Over time, economic development and technological progress have resulted in the production and accumulation of very large quantities of waste. From consumer goods to food waste, construction and demolition waste, mine waste and industrial waste and scrap, the amount of waste generated is closely tied to consumption and production models. An increasing quantity of such waste is recycled or composted, but treatment and disposal processes are not always readily feasible. Often they are very complex and run the risk that, due to mismanagement, they may become sediment that pollutes the environment and harms human health.  

In fact, the generation of hazardous and non-hazardous waste from industrial processes may result in pollution of the soil, water or air and may have adverse consequences in terms of altering the ecosystem, such as soil or water contamination due to possible leaching or accidental leaks, or because of entrusting waste to third parties without the required authorisation. To reduce and mitigate such impacts, as part of its Environment and Energy Management System Brembo has prepared a Waste Management procedure in which it defined operating requirements inspired by available best practices to ensure responsible, consistent management of these aspects at all Group plants. For example, specific solutions are adopted for temporary waste storage areas at plants, which must be designed using systems that prevent the effects of atmospheric agents on the waste.  

The procedure focuses on circular economy criteria, with all plants urged to identify every possible opportunity to apply them. This is an aspect to which Brembo has devoted a great deal of energy.

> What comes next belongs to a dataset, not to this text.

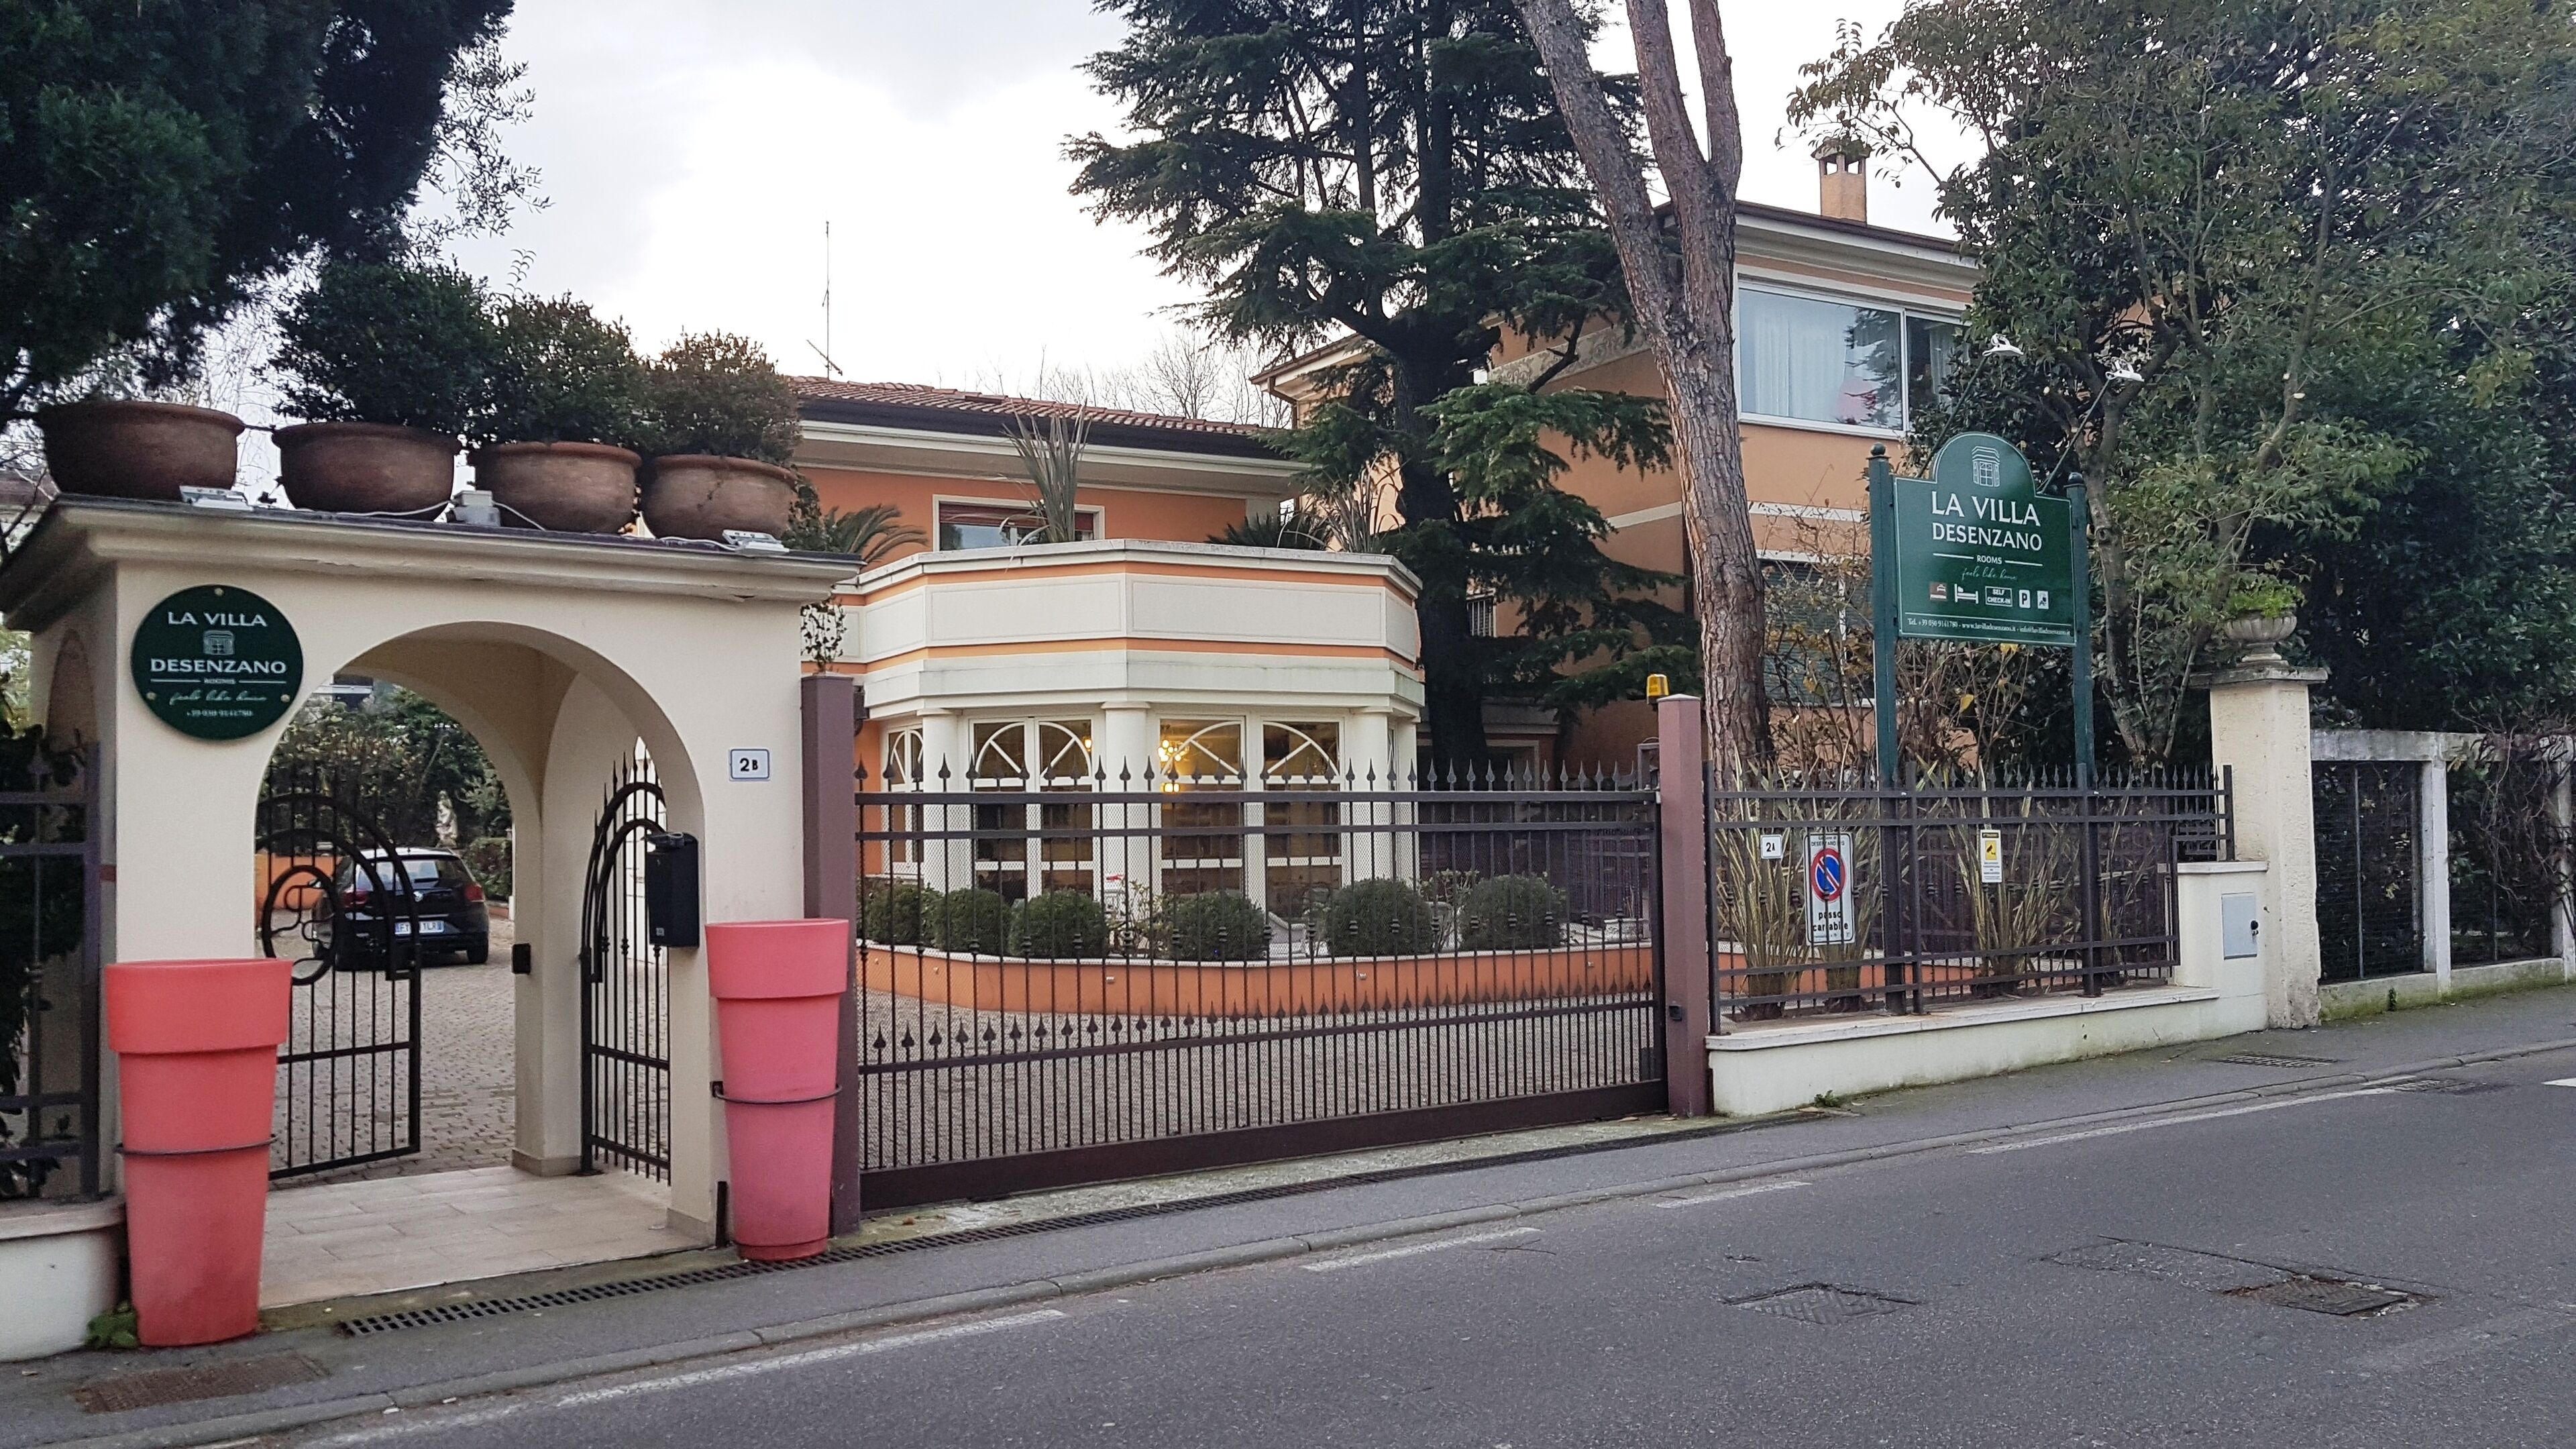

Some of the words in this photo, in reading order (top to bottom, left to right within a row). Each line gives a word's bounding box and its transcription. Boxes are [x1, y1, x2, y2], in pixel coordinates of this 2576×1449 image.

The linear “take-make-dispose” economic model based on having access to only seemingly unlimited resources is increasingly ill-adapted to Brembo’s environment, especially given the need to access high quality raw materials with sustainable costs, whilst being mindful of the environment.

The very nature of some of the production processes, such as cast iron foundries, means that they are suitable as a model for applying the "take-make-reuse" concept on which the circular economy is based. The raw materials procured by a foundry are for the most part of secondary origin, resulting from machining process waste rather than from the product of the ferrous scrap salvage chain. The progressive extension of circularity to all production processes is an opportunity that Brembo intends to seize in order to ensure a steady growth of its business that’s in balance with the environment.

In 2022, Brembo generated a total of about 461,000 tonnes of waste, a 16% increase on 2021 due to higher production volumes and the inclusion of the Spanish and Chinese plants. The distribution of hazardous waste remained at 5% of total waste generated, in line with previous years, just as the percentage of waste sent for disposal in dumps, which remained at 15% of the total.



​From primary to secondary aluminium​​

Producing a brake caliper using secondary aluminum to replace, in whole or partly, the primary one while ensuring equal performance, quality and aesthetic criteria is one of key goals in the field of sustainability. 

The development of the calipers of tomorrow, fully made of recycled aluminium, will allow to reduce CO2e emissions by about 80% in the next decade compared to the current levels. The expected result will be achieve through a series of subsequent steps including: 

• the gradual increase of aluminium produced with renewable energy

• purchase of “hybrid” alloys made of a growing amount of renewable aluminium. 

• the production of calipers made entirely from recycled aluminum.